►

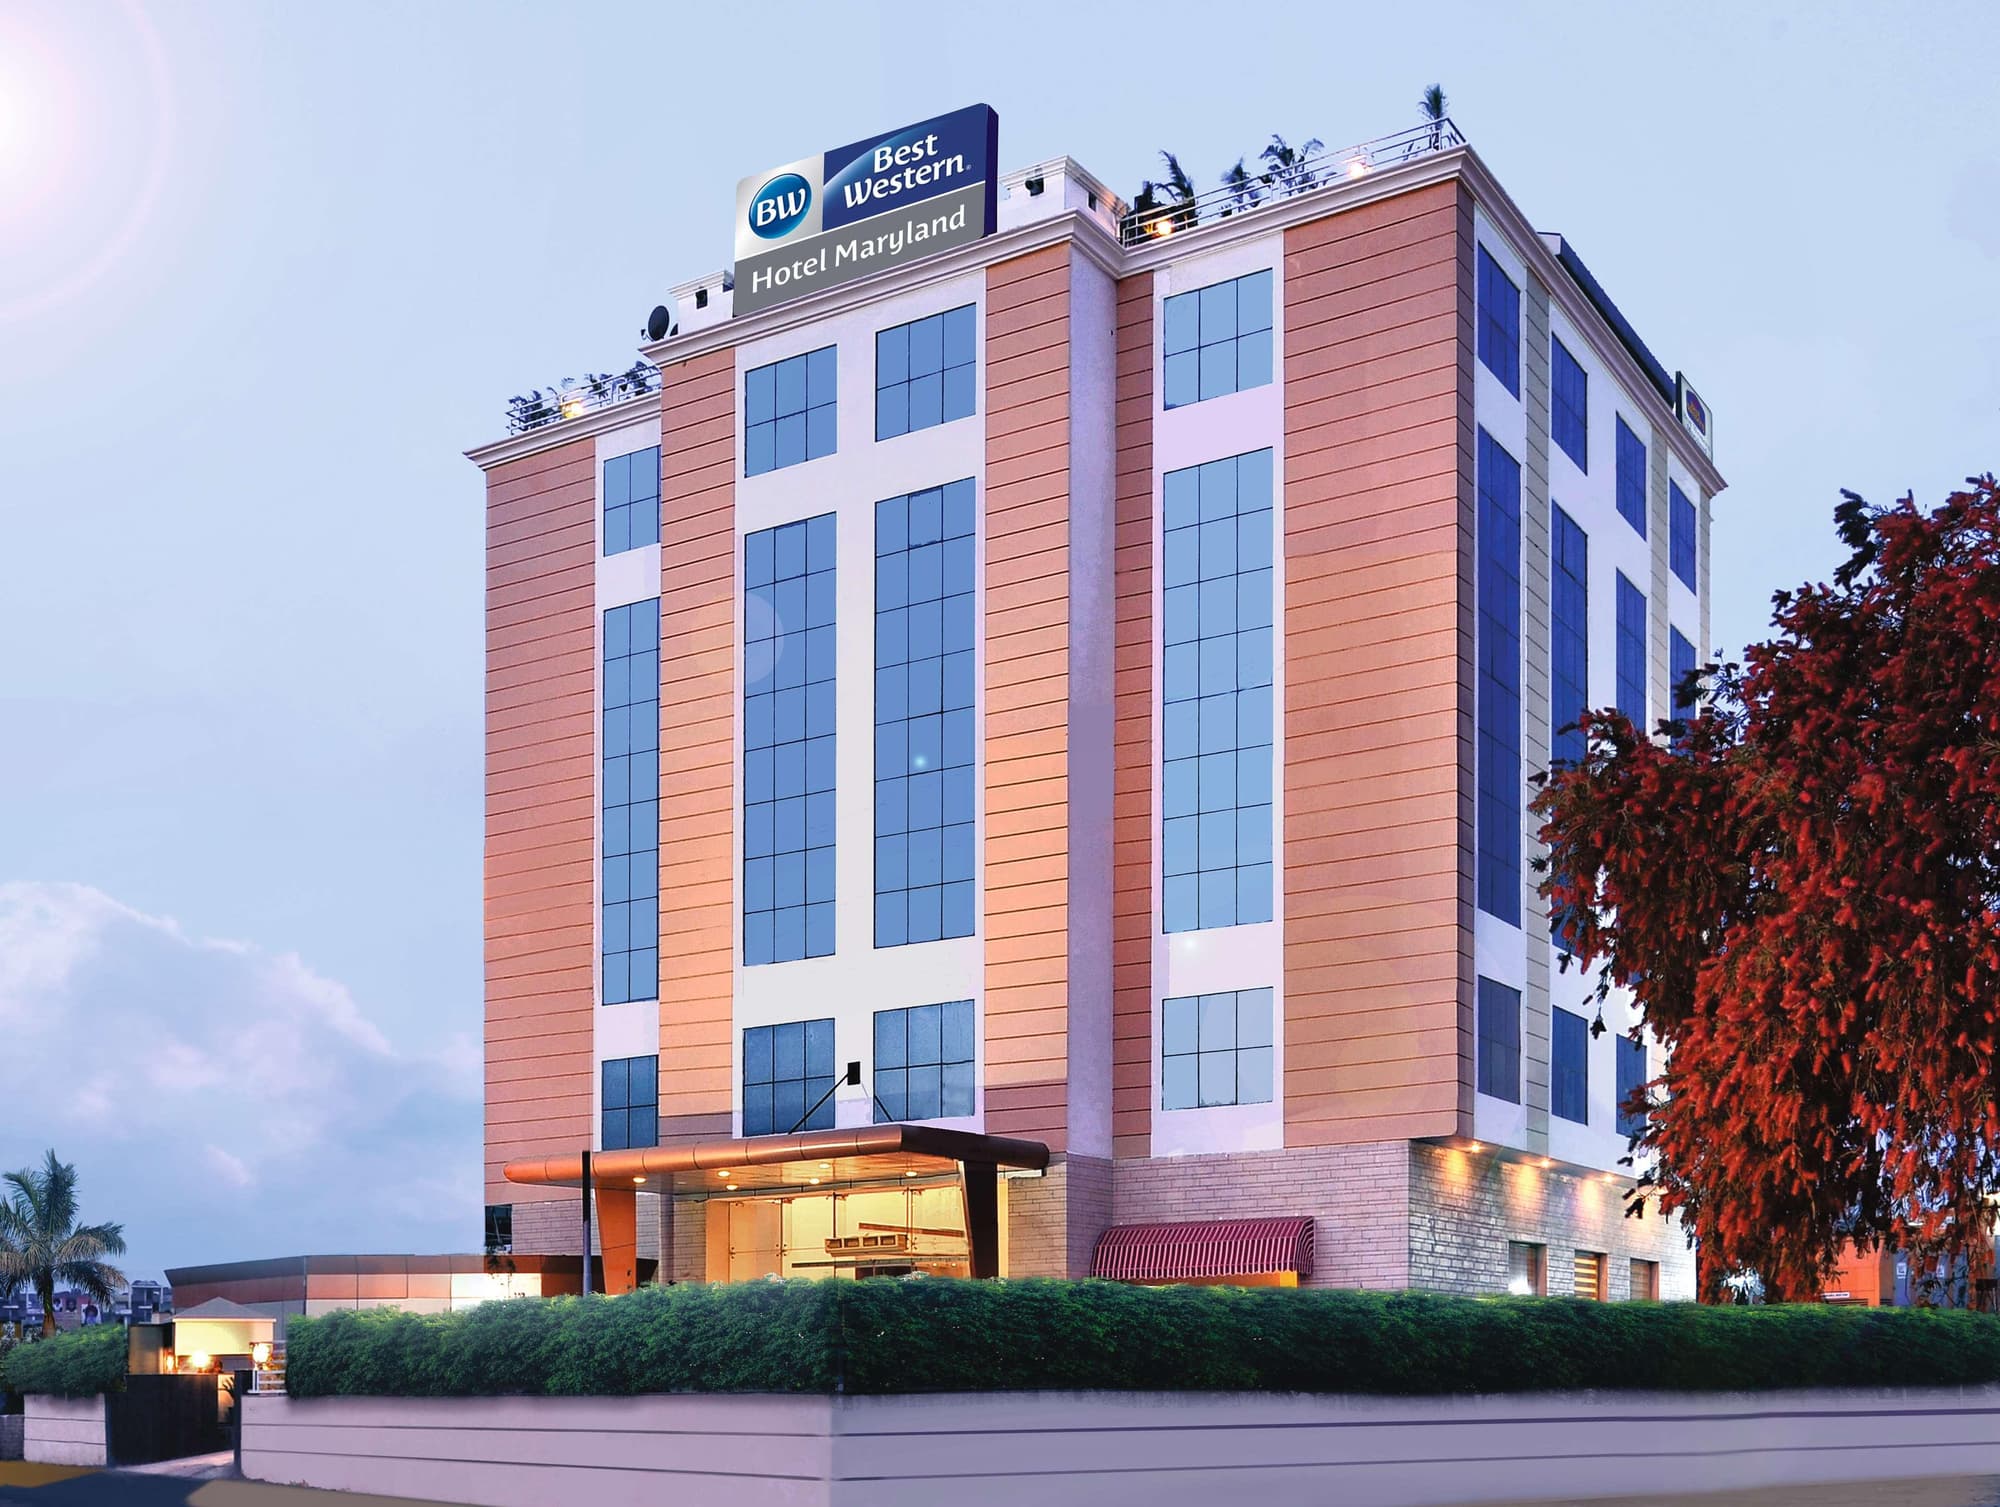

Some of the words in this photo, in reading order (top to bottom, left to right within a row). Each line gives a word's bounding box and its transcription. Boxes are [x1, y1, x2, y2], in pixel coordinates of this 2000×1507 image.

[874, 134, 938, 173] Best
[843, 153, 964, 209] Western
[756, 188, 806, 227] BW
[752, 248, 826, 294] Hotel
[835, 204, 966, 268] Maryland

◄

◆ **Problem description**:
Once the pictures have been removed, reproduce each line of the material above exactly.

◆ **Output of the task**:
Some of the words in this photo, in reading order (top to bottom, left to right within a row). Each line gives a word's bounding box and its transcription. Boxes are [x1, y1, x2, y2], in pixel coordinates of this 2000×1507 image.

[874, 134, 938, 173] Best
[843, 153, 964, 209] Western
[756, 188, 806, 227] BW
[752, 248, 826, 294] Hotel
[835, 204, 966, 268] Maryland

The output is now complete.